• **YOUR GOAL**:
Report how many lines below include the string "alto". Please keep the reply to that number.

[Saved data entries]
########
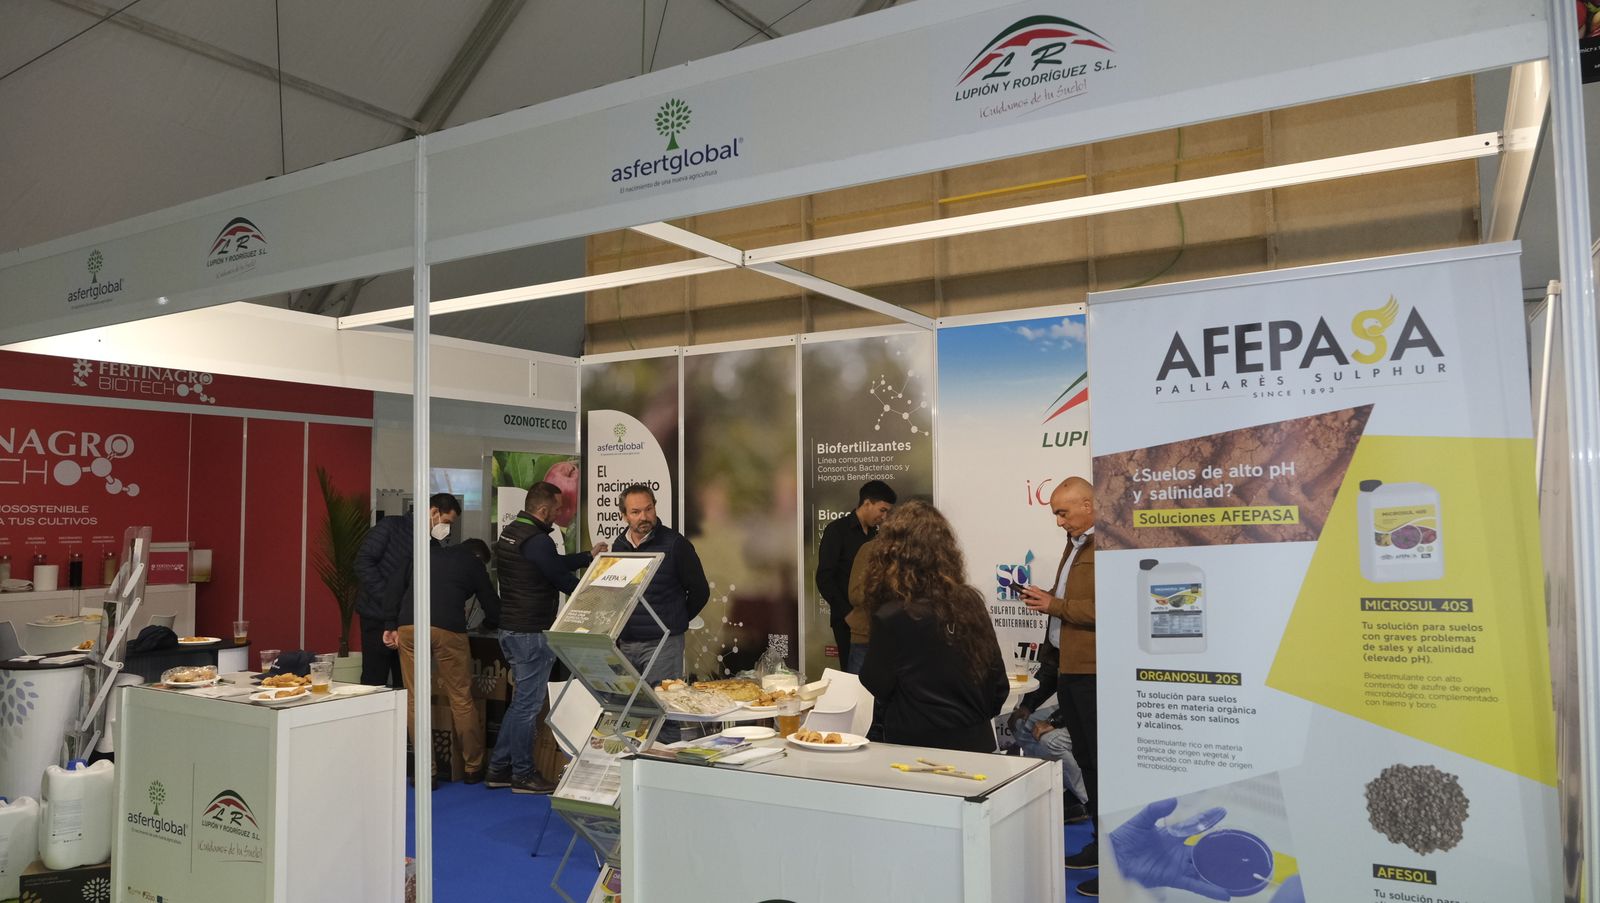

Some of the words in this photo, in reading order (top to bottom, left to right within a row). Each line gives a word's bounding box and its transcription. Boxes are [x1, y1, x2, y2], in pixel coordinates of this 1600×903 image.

[1031, 42, 1067, 71] R
[955, 82, 999, 101] LUPIÓN
[1002, 80, 1010, 91] Y
[1012, 64, 1088, 90] RODRÍGUEZ
[1093, 59, 1117, 72] S.L.
[1156, 294, 1445, 381] AFEPASA
[100, 361, 213, 385] FERTINAGRO
[1155, 373, 1285, 395] PALLARÈS
[1315, 363, 1447, 383] SULPHUR
[1252, 389, 1292, 399] SINCE
[1302, 386, 1335, 396] 1893
[503, 414, 550, 430] OZONOTEC
[551, 420, 568, 431] ECO
[817, 440, 912, 454] Biofertilizantes
[817, 456, 837, 464] Línea
[838, 456, 879, 465] compuesta
[880, 456, 894, 464] por
[597, 465, 607, 478] El
[817, 465, 857, 473] Consorcios
[859, 463, 903, 472] Bacterianos
[904, 464, 910, 472] y
[1132, 467, 1196, 483] ¿Suelos
[1201, 465, 1223, 479] de
[1229, 463, 1264, 478] alto
[1269, 461, 1295, 480] pH
[817, 474, 846, 483] Hongos
[847, 472, 896, 481] Beneficiosos.
[1132, 489, 1142, 504] y
[1150, 483, 1234, 501] salinidad?
[597, 495, 611, 507] de
[8, 517, 35, 526] TUS
[38, 517, 98, 526] CULTIVOS
[1139, 510, 1216, 525] Soluciones
[1221, 508, 1294, 523] AFEPASA
[990, 606, 1016, 615] SULFATO
[1365, 600, 1437, 611] MICROSUL
[1441, 601, 1469, 612] 40S
[994, 618, 1038, 628] MEDITERRANEO
[1362, 621, 1373, 630] Tu
[1376, 622, 1419, 631] solución
[1422, 624, 1446, 633] para
[1449, 623, 1483, 632] suelos
[1362, 633, 1381, 641] con
[1384, 634, 1417, 643] graves
[1420, 634, 1476, 643] problemas
[1362, 643, 1376, 651] de
[1379, 643, 1404, 652] sales
[1416, 645, 1475, 654] alcalinidad
[1362, 653, 1408, 663] (elevado
[1411, 655, 1433, 664] pH).
[1139, 670, 1212, 684] ORGANOSUL
[1215, 673, 1239, 685] 20S
[1364, 672, 1425, 681] Bioestimulante
[1445, 675, 1462, 683] alto
[1364, 682, 1406, 690] contenido
[1407, 683, 1419, 691] de
[1421, 684, 1447, 692] azufre
[1463, 686, 1491, 694] origen
[1136, 690, 1147, 699] Tu
[1148, 691, 1184, 701] solución
[1186, 694, 1206, 703] para
[1208, 695, 1237, 704] suelos
[1428, 693, 1500, 703] complementado
[1136, 701, 1165, 710] pobres
[1181, 704, 1215, 713] materia
[1217, 705, 1257, 716] orgánica
[1382, 699, 1407, 708] hierro
[604, 719, 632, 728] AFEOL
[1136, 712, 1153, 720] que
[1155, 712, 1188, 721] además
[1190, 714, 1206, 722] son
[1208, 715, 1240, 724] salinos
[1136, 721, 1142, 729] y
[1144, 720, 1183, 731] alcalinos.
[1136, 737, 1188, 748] Bioestimulante
[1188, 741, 1203, 749] rico
[1215, 743, 1243, 752] materia
[1136, 746, 1166, 755] orgánica
[1178, 749, 1200, 758] origen
[1202, 752, 1229, 761] vegetal
[1136, 755, 1177, 764] enriquecido
[1193, 758, 1216, 767] azufre
[1217, 760, 1227, 768] de
[1229, 761, 1253, 770] origen
[1136, 762, 1188, 773] microbiológico.
[1377, 866, 1432, 883] AFESOL
[1374, 889, 1386, 898] Tu
[1389, 890, 1433, 903] solución
########
• **RESULT OF THE EXERCISE**:
2